While Microsoft Windows is still the dominating operating system for personal computers, it is by far and away not the only one. Linux distributions are much friendlier to the user than they used to be, to the point of making the difference between it and Windows almost nil. By reducing the hurdle that once made Linux installation arduous, the choice of an operating system is now a question of which one better suits your needs.
In her book, Spring into Linux, Janet Valade describes how to install and use Linux and the most common applications that currently run on that platform. The intellectual tone of the book is geared toward the information technology professional and is a thorough guide to the Linux universe. A chapter excerpt is available in a free TechRepublic download.
In the following interview, Janet describes some of the more tangible benefits of Linux and open source software and addresses the breadth of professional-grade application software available to the information technology professional.
[TechRepublic] In your book you mention distrowatch.org, which tracks 320 Linux distributions. That's a lot of distributions for a professional to wade through without some knowledgeable advice. You feature Fedora Core in the book, is that the distribution you recommend? Why?
[Janet Valade] It's in the nature of open source programmers to make their work publicly available so that anyone who needs it can benefit.
Consequently, when a developer, or group of developers, puts together a distribution to meet their own needs, they often make it available on a Web site. Thus, 320 distros. Some of the distros are very specific, addressing very unusual environments. On their Web site, Distrowatch provides a page showing the 10 most popular distributions. If I were beginning to research Linux distributions, I would begin there. The average user can find a distro that meets their needs in the 10 most popular.

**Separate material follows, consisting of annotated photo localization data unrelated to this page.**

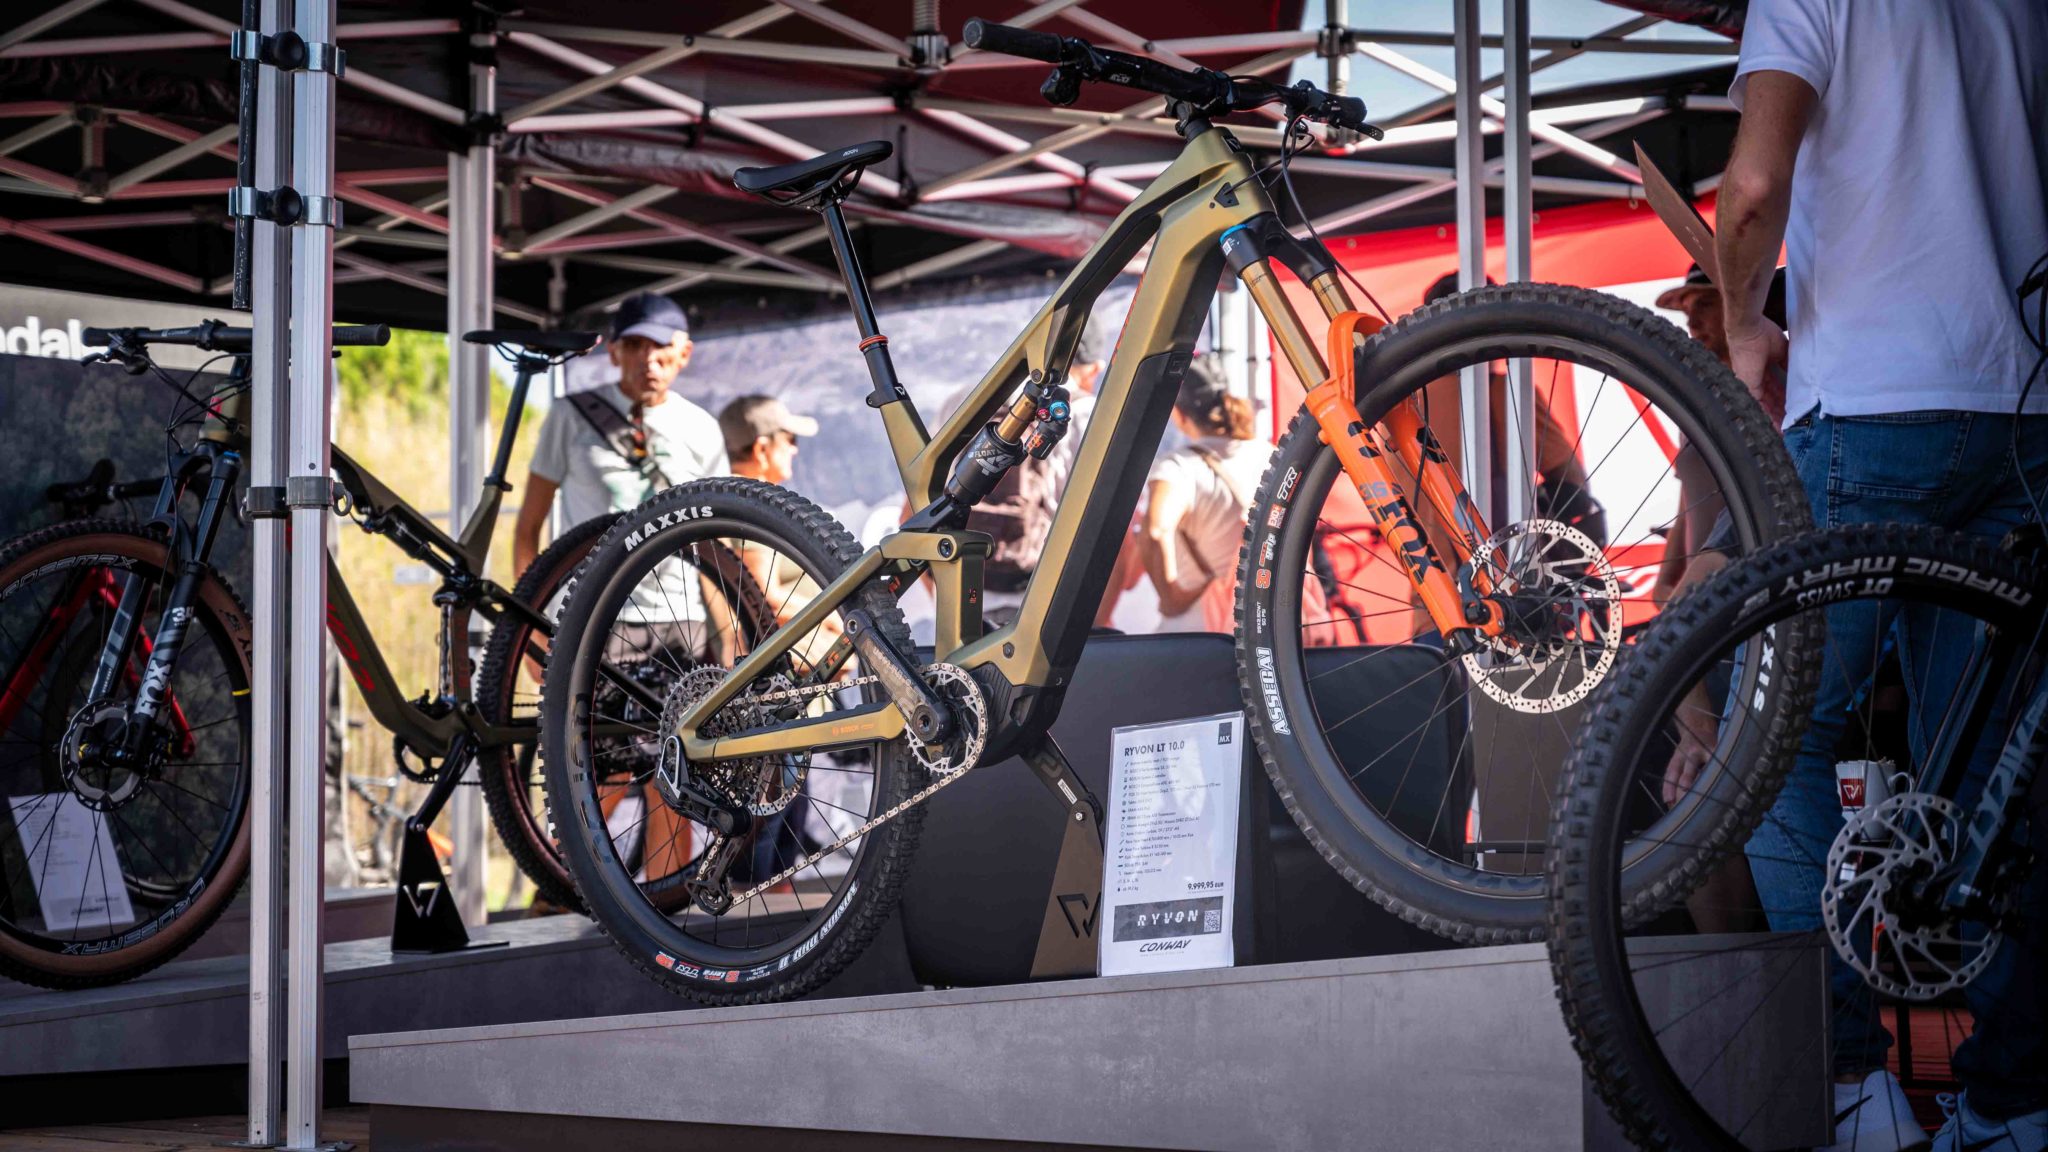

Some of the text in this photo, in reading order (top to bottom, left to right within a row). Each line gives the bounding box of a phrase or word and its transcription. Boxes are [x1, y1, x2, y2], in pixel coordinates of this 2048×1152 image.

[1277, 467, 1297, 500] TR
[624, 506, 714, 552] MAXXIS
[1377, 496, 1448, 585] FOX
[0, 554, 138, 599] ROSSMAX
[1779, 556, 2032, 607] MAGIC MARY
[1858, 577, 1894, 594] DT
[1796, 580, 1855, 609] SWISS
[134, 660, 171, 716] FOX
[1256, 647, 1291, 735] ASSEGAI
[1124, 740, 1185, 757] RYVON LT 10.0
[1218, 735, 1230, 743] MX
[1967, 720, 2040, 853] LYRIK
[1187, 881, 1214, 891] 9.999,95
[1137, 909, 1199, 927] RYVON
[1139, 939, 1192, 952] CONWAY

My book features the three most popular desktop oriented distributions—Fedora Core, SuSE, and Mandrake (recently renamed Mandriva). I use Fedora Core as the featured distribution because it seems the most suitable for the average user. Mandriva is more oriented towards beginners. It tends to protect the user from himself and sometimes flexibility suffers. SuSE, on the other hand, is slightly more oriented toward technical users. However, Fedora may not appeal to users who are most comfortable installing from a boxed set, following instructions in a printed manual. Fedora doesn't come in a boxed set.
[TechRepublic] Putting aside the passion open source development can create in some people, why, in practical terms, should an information professional consider Linux as the operating system for their next PC?

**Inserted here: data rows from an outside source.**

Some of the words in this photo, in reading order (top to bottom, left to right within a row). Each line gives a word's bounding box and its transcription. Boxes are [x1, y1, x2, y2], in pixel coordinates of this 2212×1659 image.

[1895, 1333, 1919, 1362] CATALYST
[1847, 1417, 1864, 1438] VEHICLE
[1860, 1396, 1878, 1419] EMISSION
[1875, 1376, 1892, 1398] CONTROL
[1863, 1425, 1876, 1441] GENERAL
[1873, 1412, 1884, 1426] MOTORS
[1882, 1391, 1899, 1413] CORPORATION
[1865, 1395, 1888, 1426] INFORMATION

[Janet Valade] Windows vs Linux discussions bring fans of each to the battlefield. Many advantages argued by Linux enthusiasts (better security, better reliability, more flexibility, more efficient) are disputed by Windows devotees. However, one Linux advantage is clear—the cost of software.

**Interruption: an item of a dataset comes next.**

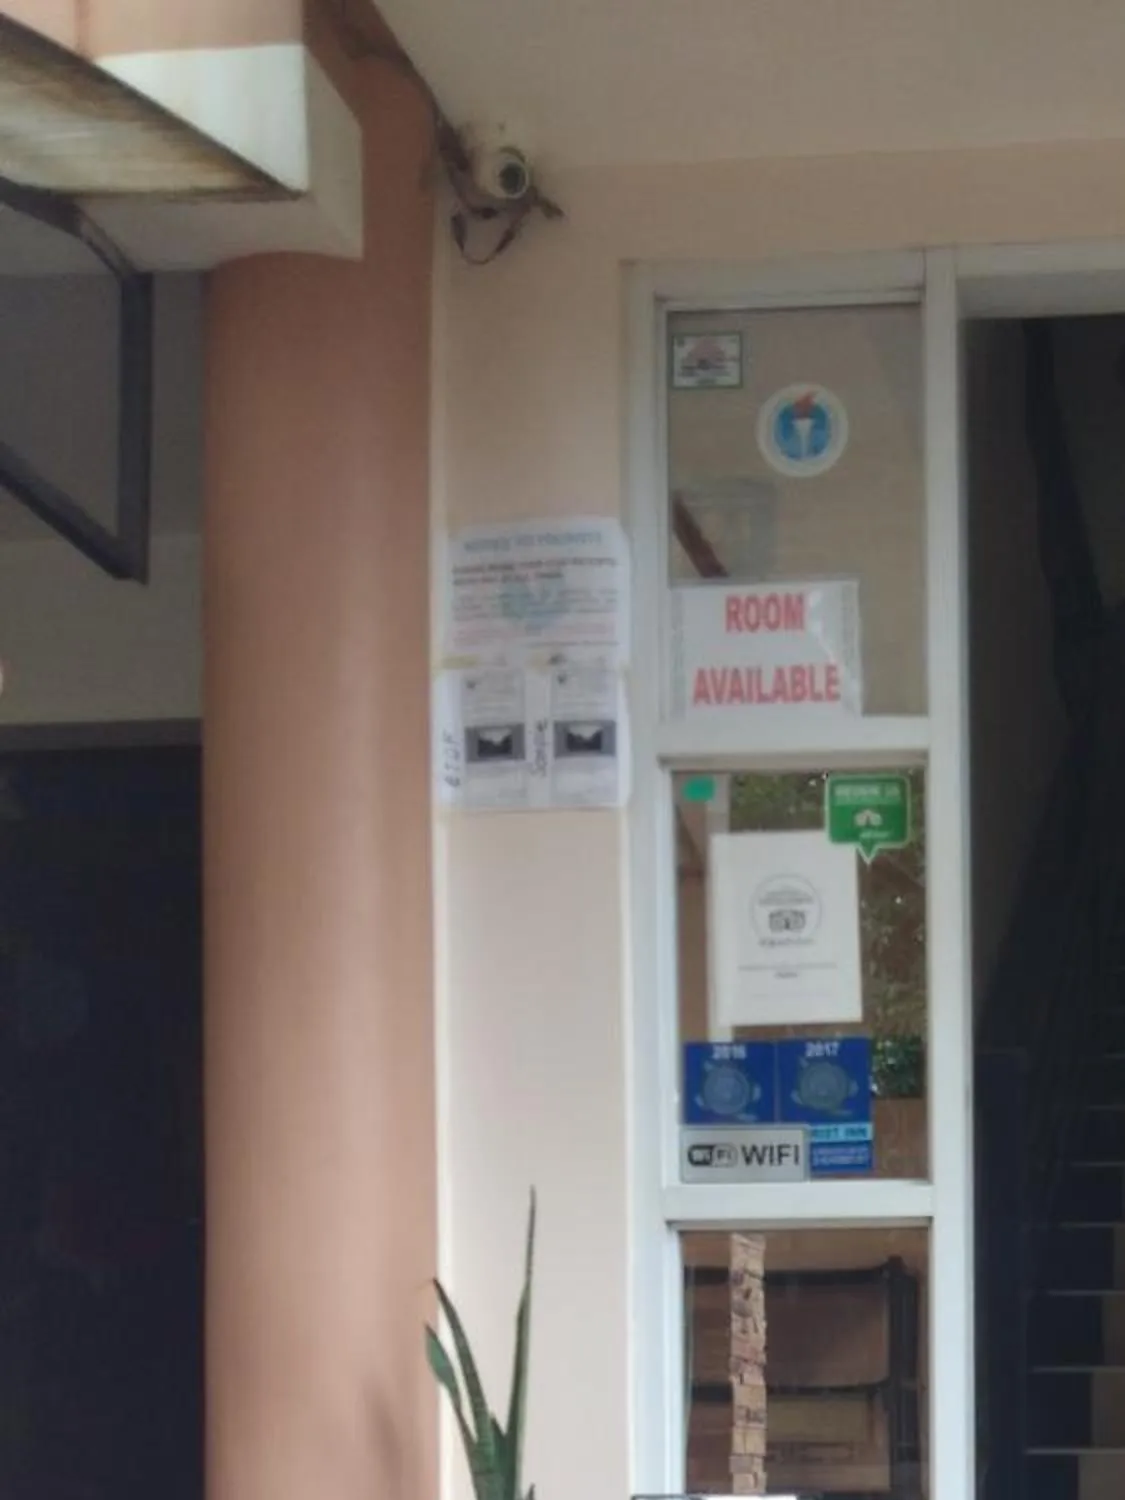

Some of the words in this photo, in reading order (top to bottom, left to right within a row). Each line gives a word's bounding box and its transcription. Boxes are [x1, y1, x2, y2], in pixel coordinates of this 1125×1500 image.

Users can download and install Linux for absolutely no charge. Or, they can pay a very small price for CDs. Even a boxed set of Linux costs less than a boxed set of Windows. Furthermore, a single Linux system can be installed on as many machines as the user wants. Linux does not include a license limiting its installation to a single machine.
Of course, new computers generally arrive with Windows already installed, its price invisible in the price of the new computer.
However, computers require application software, as well as an operating system. Application software is available free for Linux. A cost-conscious user can download at no cost all the application software needed to make a Linux system into a fully functioning computer. For example, GIMP is a fully functional, free graphics package that runs on Linux. Users running Windows need to purchase PhotoShop, or an equivalent commercial package, to edit graphic files. Furthermore, the future cost of the software is zero, as well. When software upgrades are available and needed, they can also be downloaded for free.
[TechRepublic] The chapter we are featuring as a download deals with the graphical user interface (GNOME and KDE), which is very similar to Windows. Do you believe this generally familiar interface makes switching to Linux easier? Will most users still have to deal with the command line from time to time, no matter which GIU they choose?
[Janet Valade] Desktop users who work mainly in applications can easily work entirely from their desktop. Opening applications, managing files, accessing the Internet, and other tasks performed by most desktop users can be done from the desktop in a manner very familiar to Windows users.
System administration tasks can also mainly be performed from the desktop. Most Linux distributions provide utilities that work well from the desktop. However, many tasks can be performed more easily and with more speed and flexibility using the command line. And a few technical tasks require administrators to use the command line.
[TechRepublic] You spend a good portion of your book discussing the various applications that exist for the Linux operating system. Just about everything you could possibly need is available including word processing, spreadsheets, e-mail, Web browsers, and graphic manipulation applications. Is there a certain application that you would like to see developed for Linux that is not currently available or possibly up to the proper professional standard it needs to be?
[Janet Valade] In general, Linux is still behind in multimedia applications, although it's making major strides. This type of application is the weakest area for Linux. The problem is partly due to licensing issues, partly due to software development. However, many people are now working seriously in this area and applications are improving all the time.